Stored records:
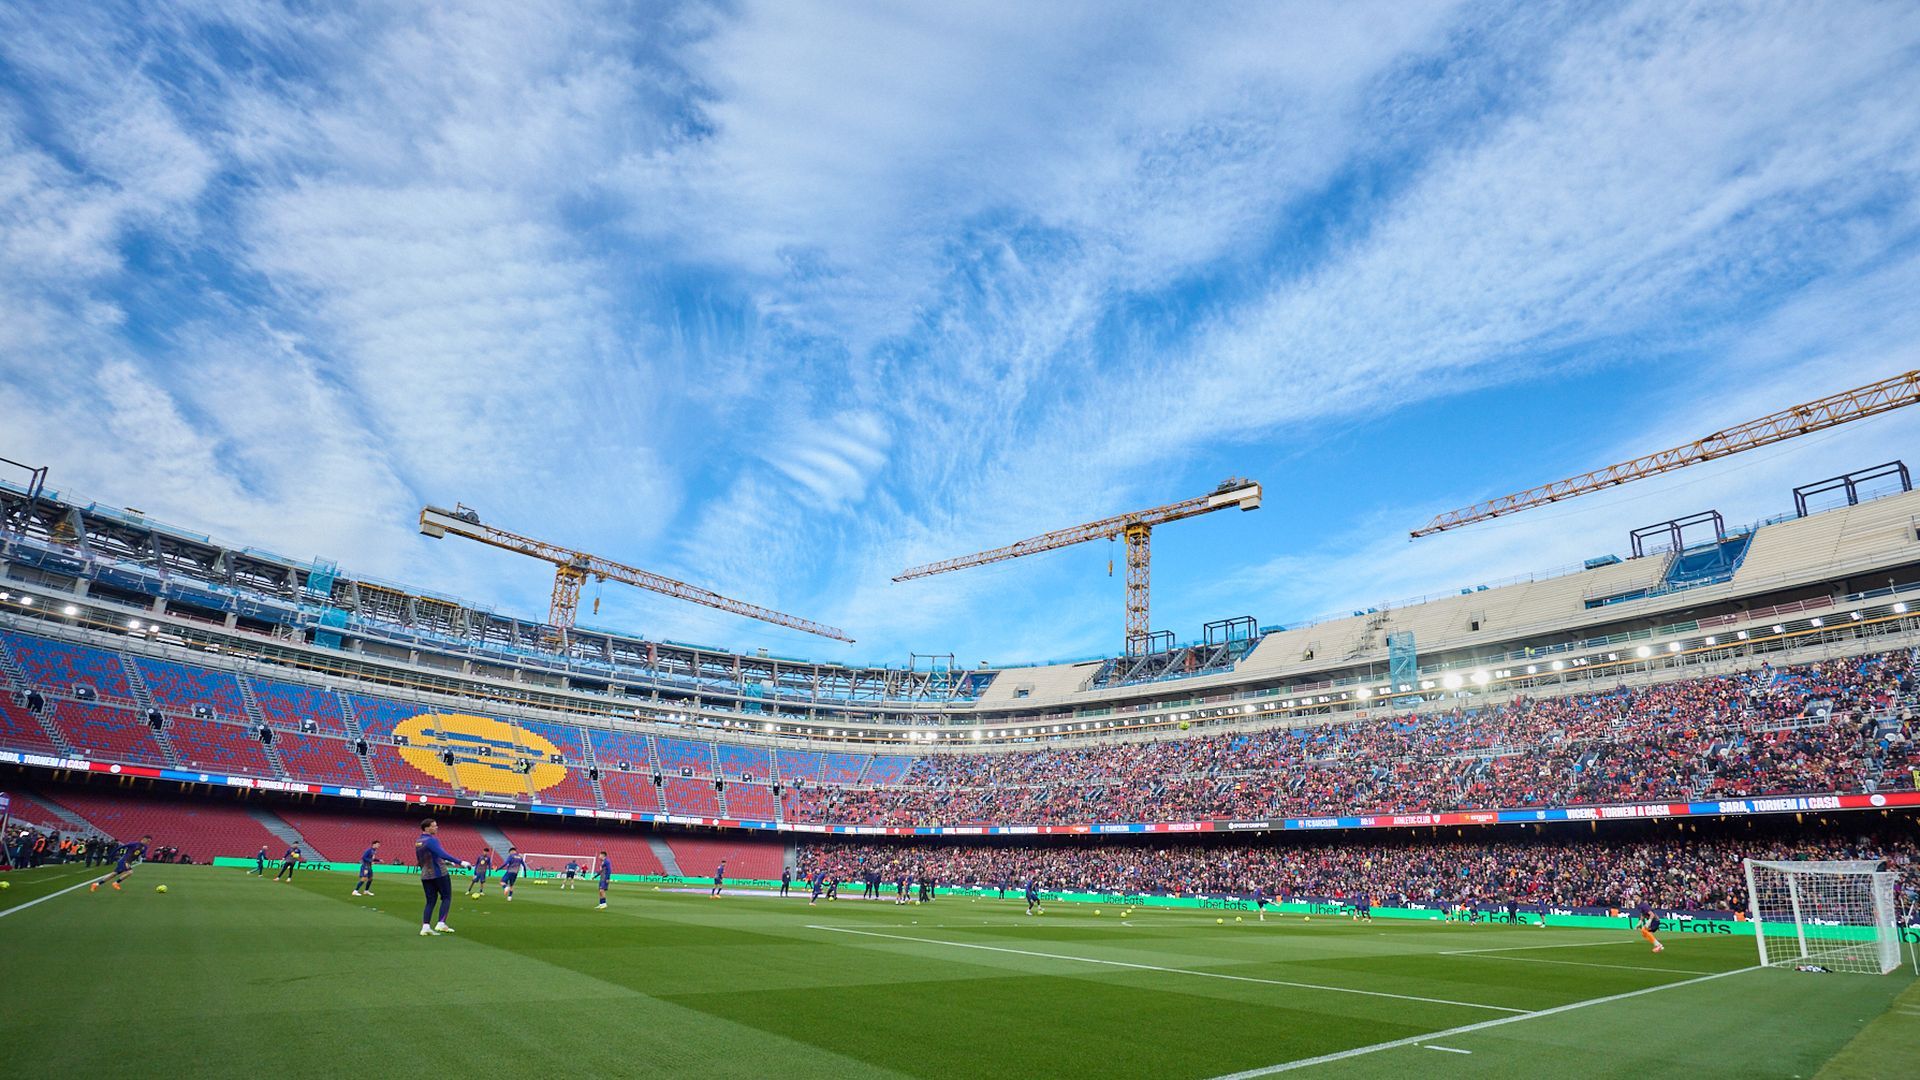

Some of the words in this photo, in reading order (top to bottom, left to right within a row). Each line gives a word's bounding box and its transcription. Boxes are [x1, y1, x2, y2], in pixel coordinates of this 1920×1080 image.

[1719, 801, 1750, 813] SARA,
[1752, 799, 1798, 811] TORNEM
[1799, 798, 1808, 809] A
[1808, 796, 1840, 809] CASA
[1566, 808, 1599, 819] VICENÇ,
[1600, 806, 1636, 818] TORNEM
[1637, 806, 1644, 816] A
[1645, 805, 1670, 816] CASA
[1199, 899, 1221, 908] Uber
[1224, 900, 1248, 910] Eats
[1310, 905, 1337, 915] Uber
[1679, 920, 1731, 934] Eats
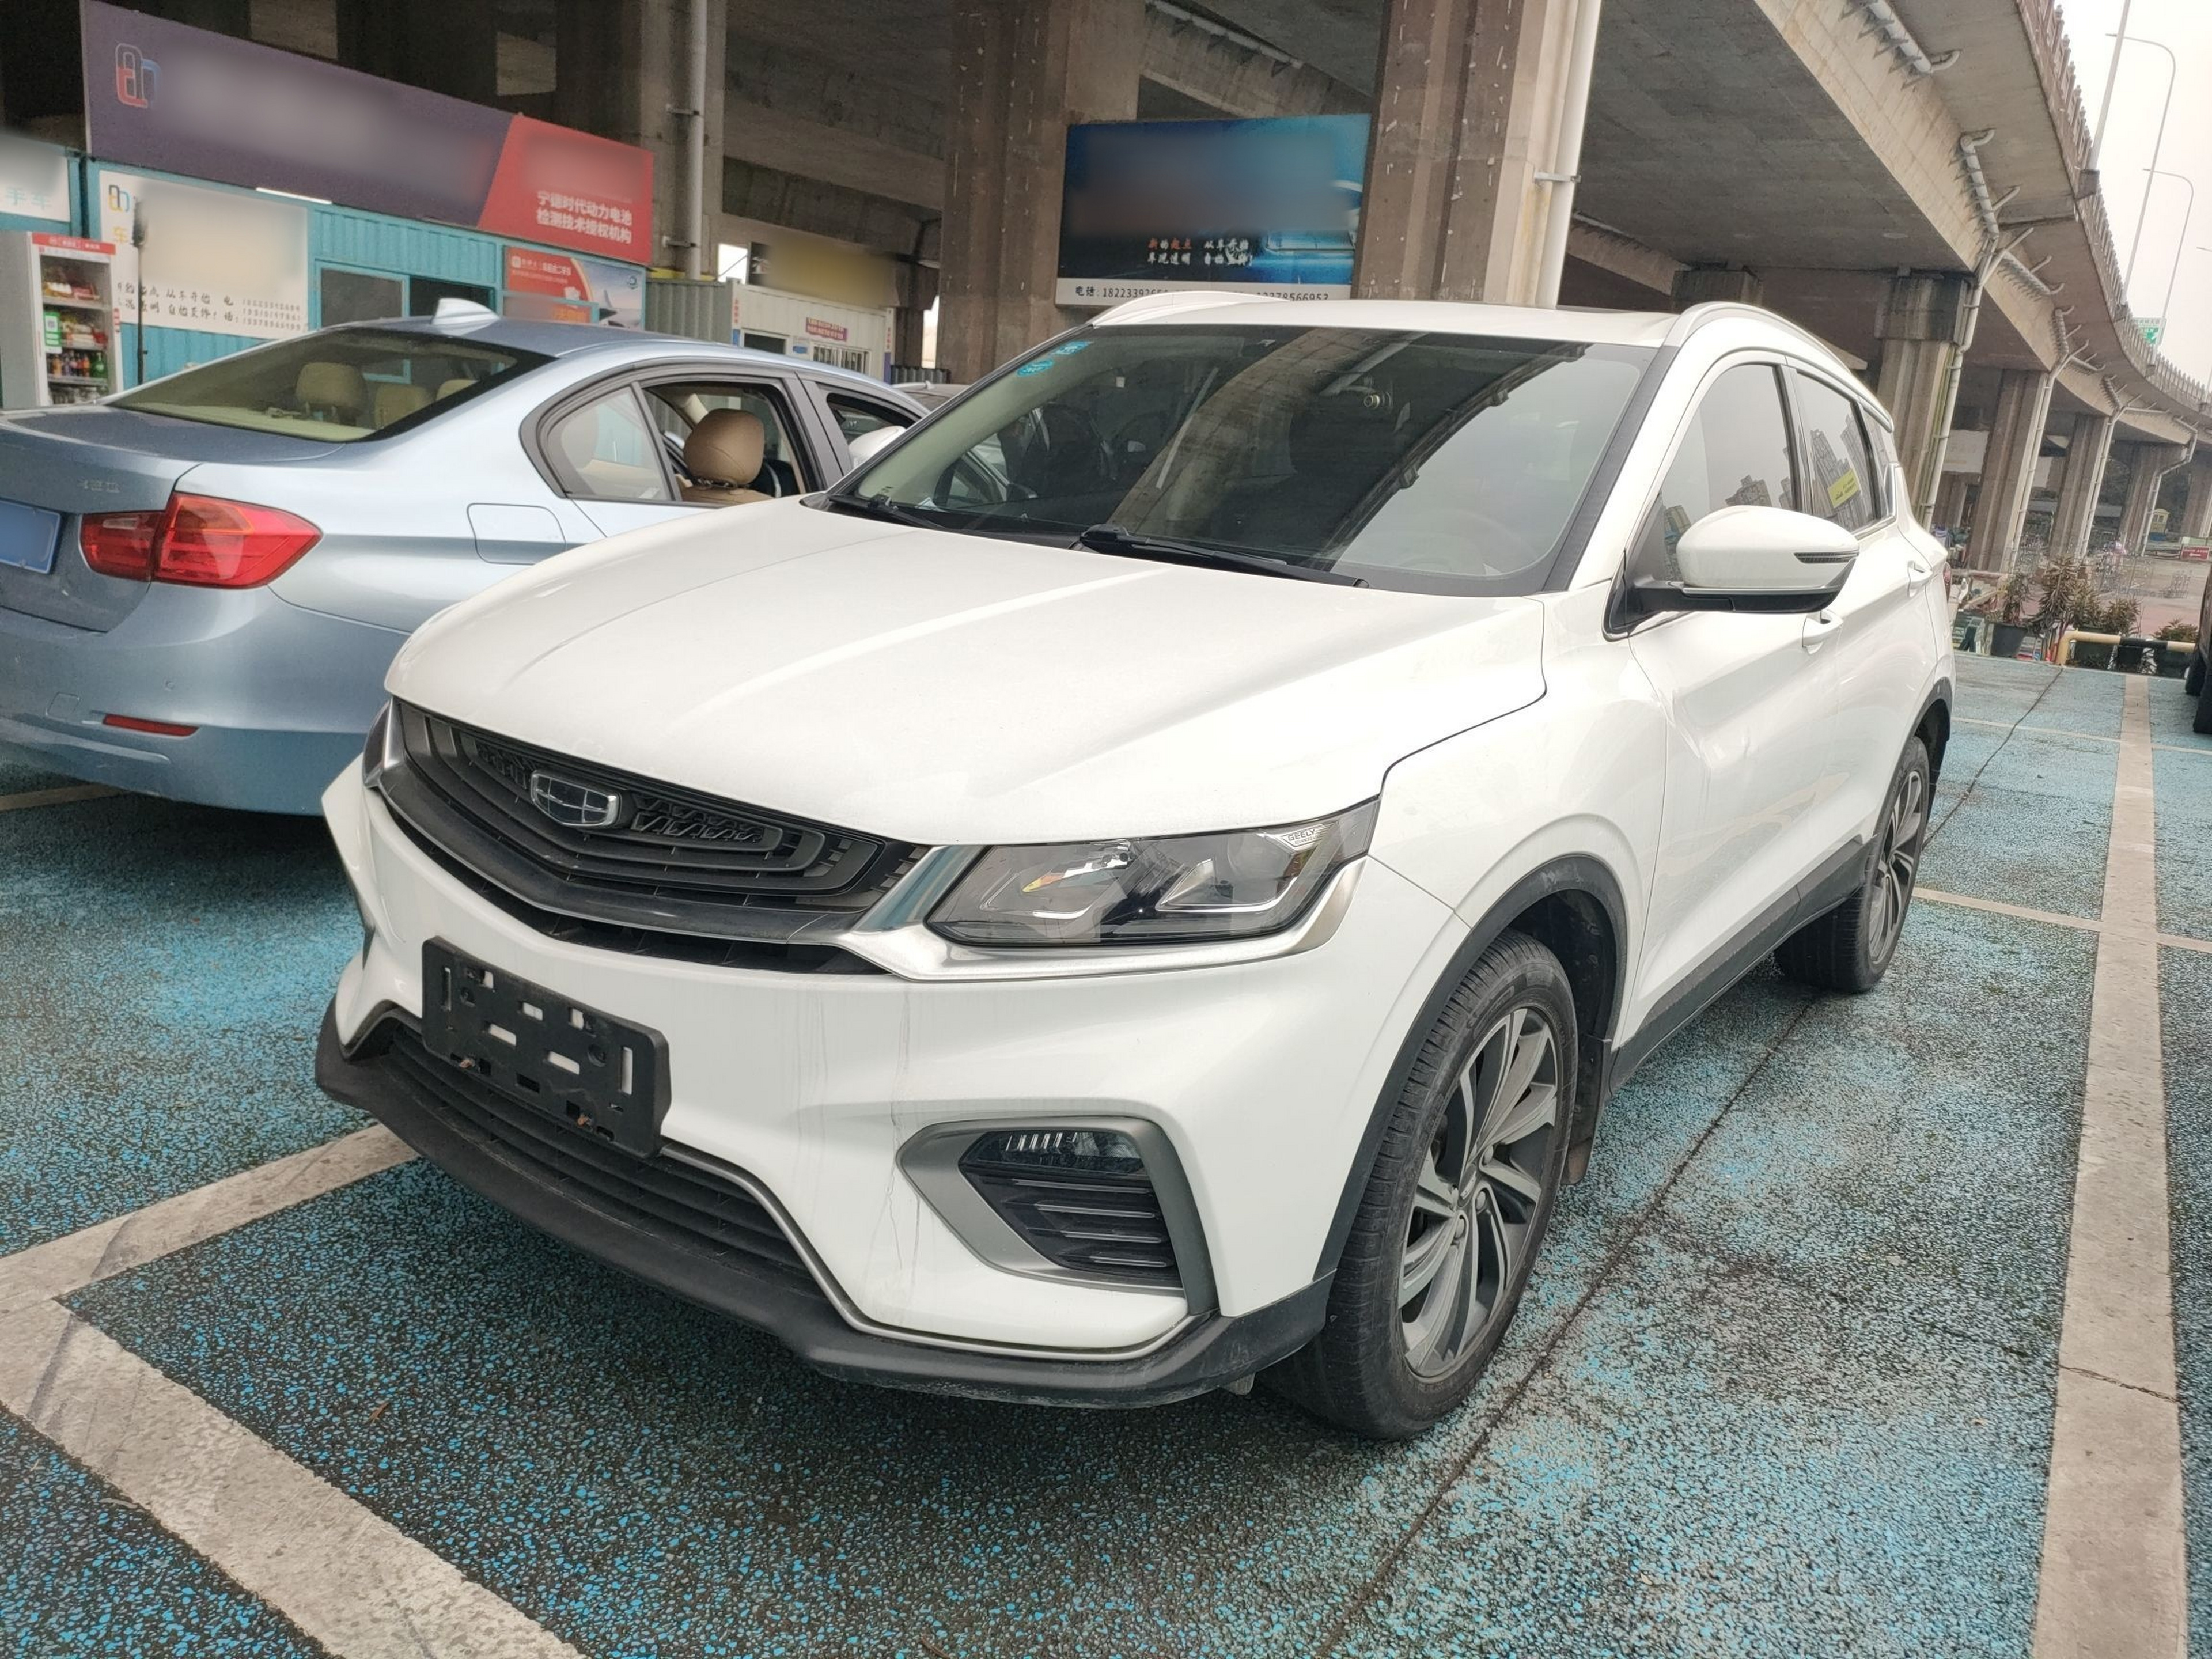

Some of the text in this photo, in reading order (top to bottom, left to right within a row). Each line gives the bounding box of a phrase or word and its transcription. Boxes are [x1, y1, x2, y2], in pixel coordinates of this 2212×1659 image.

* **Activity**
Only the records are wanted, copied exactly, with the pictures dropped.

* **Answer for this exercise**
Some of the words in this photo, in reading order (top to bottom, left to right within a row). Each line gives a word's bounding box and its transcription. Boxes are [x1, y1, x2, y2], in pixel coordinates of this 1920×1080 image.

[1719, 801, 1750, 813] SARA,
[1752, 799, 1798, 811] TORNEM
[1799, 798, 1808, 809] A
[1808, 796, 1840, 809] CASA
[1566, 808, 1599, 819] VICENÇ,
[1600, 806, 1636, 818] TORNEM
[1637, 806, 1644, 816] A
[1645, 805, 1670, 816] CASA
[1199, 899, 1221, 908] Uber
[1224, 900, 1248, 910] Eats
[1310, 905, 1337, 915] Uber
[1679, 920, 1731, 934] Eats

Some of the text in this photo, in reading order (top to bottom, left to right within a row). Each line gives the bounding box of a phrase or word and its transcription. Boxes are [x1, y1, x2, y2], in pixel coordinates of this 2212×1659 image.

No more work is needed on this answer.